TASK DATA –

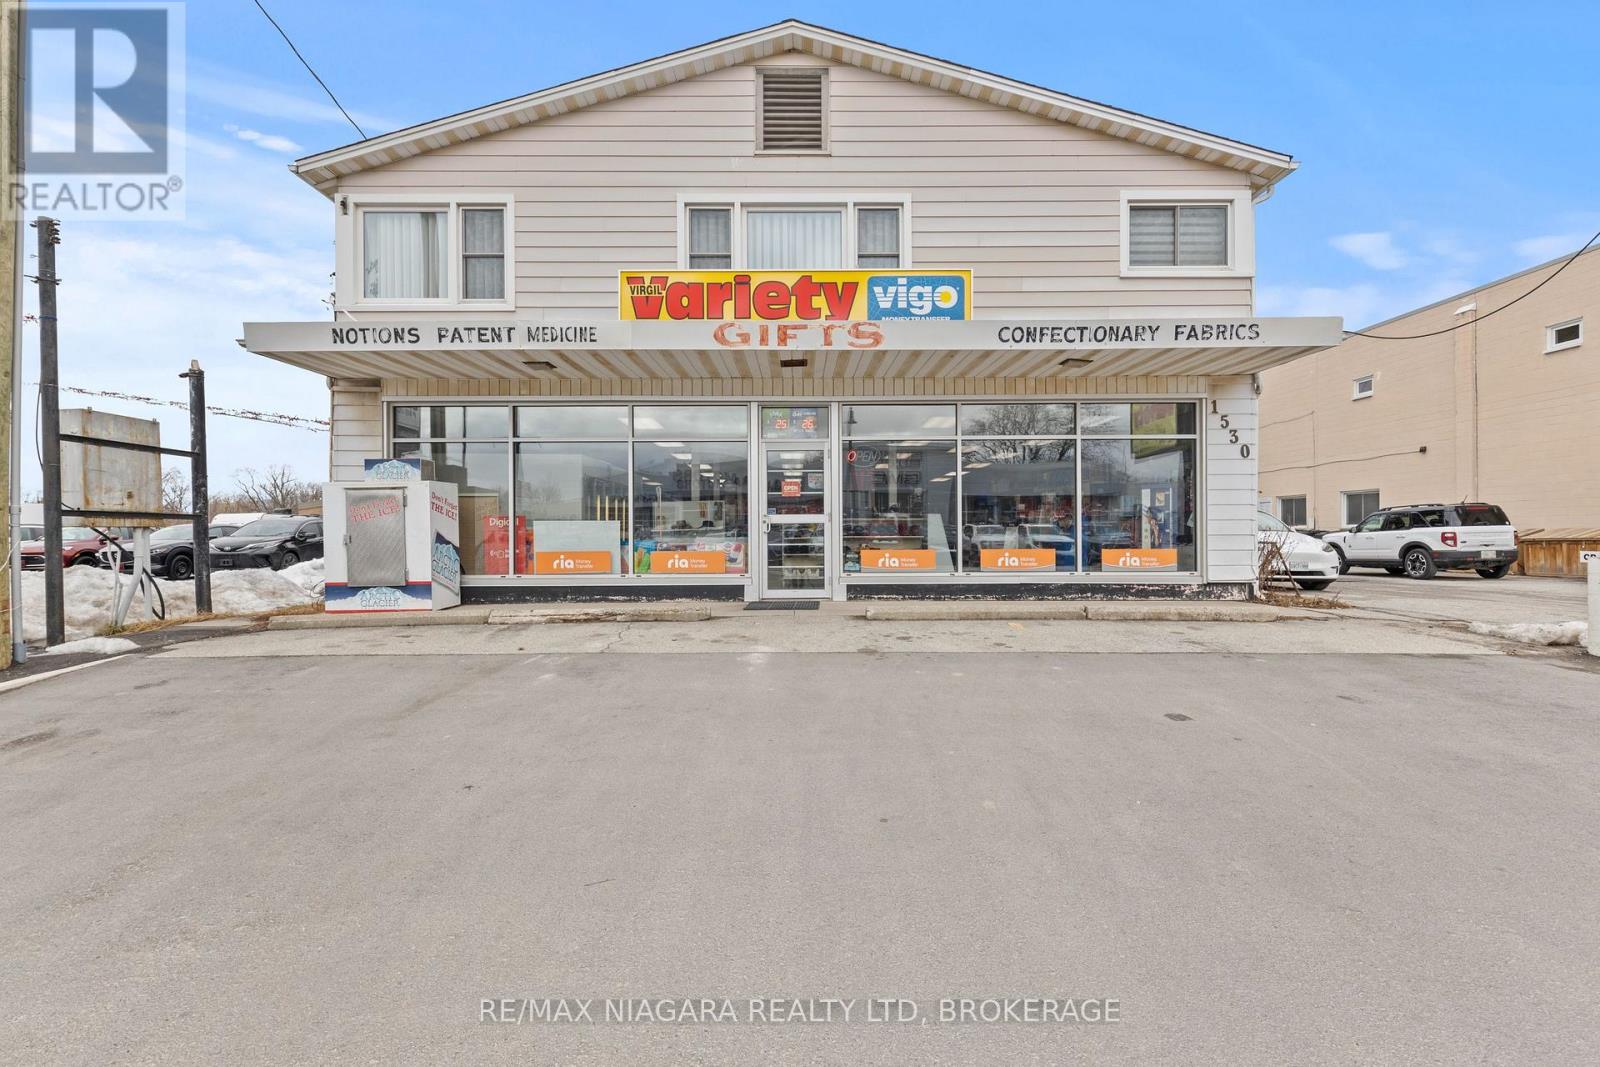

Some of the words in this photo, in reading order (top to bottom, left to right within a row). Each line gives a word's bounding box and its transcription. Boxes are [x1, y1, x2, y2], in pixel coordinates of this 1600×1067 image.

[630, 285, 662, 295] VIRGIL
[873, 277, 958, 315] vigo
[332, 327, 420, 345] NOTIONS
[437, 327, 515, 344] PATENT
[527, 326, 598, 343] MEDICINE
[713, 321, 885, 349] GIFTS
[998, 325, 1161, 343] CONFECTIONARY
[1174, 323, 1260, 341] FABRICS
[775, 419, 787, 429] 25
[553, 554, 574, 569] ria
[667, 554, 689, 569] ria
[878, 552, 899, 567] ria
[998, 552, 1019, 567] ria
[1119, 552, 1140, 567] ria

HOW TO COMPLETE THIS TASK –
Without the pictures, copy all of the entries exactly as they appear.

EXERCISE RESULT –
Some of the words in this photo, in reading order (top to bottom, left to right within a row). Each line gives a word's bounding box and its transcription. Boxes are [x1, y1, x2, y2], in pixel coordinates of this 1600×1067 image.

[630, 285, 662, 295] VIRGIL
[873, 277, 958, 315] vigo
[332, 327, 420, 345] NOTIONS
[437, 327, 515, 344] PATENT
[527, 326, 598, 343] MEDICINE
[713, 321, 885, 349] GIFTS
[998, 325, 1161, 343] CONFECTIONARY
[1174, 323, 1260, 341] FABRICS
[775, 419, 787, 429] 25
[553, 554, 574, 569] ria
[667, 554, 689, 569] ria
[878, 552, 899, 567] ria
[998, 552, 1019, 567] ria
[1119, 552, 1140, 567] ria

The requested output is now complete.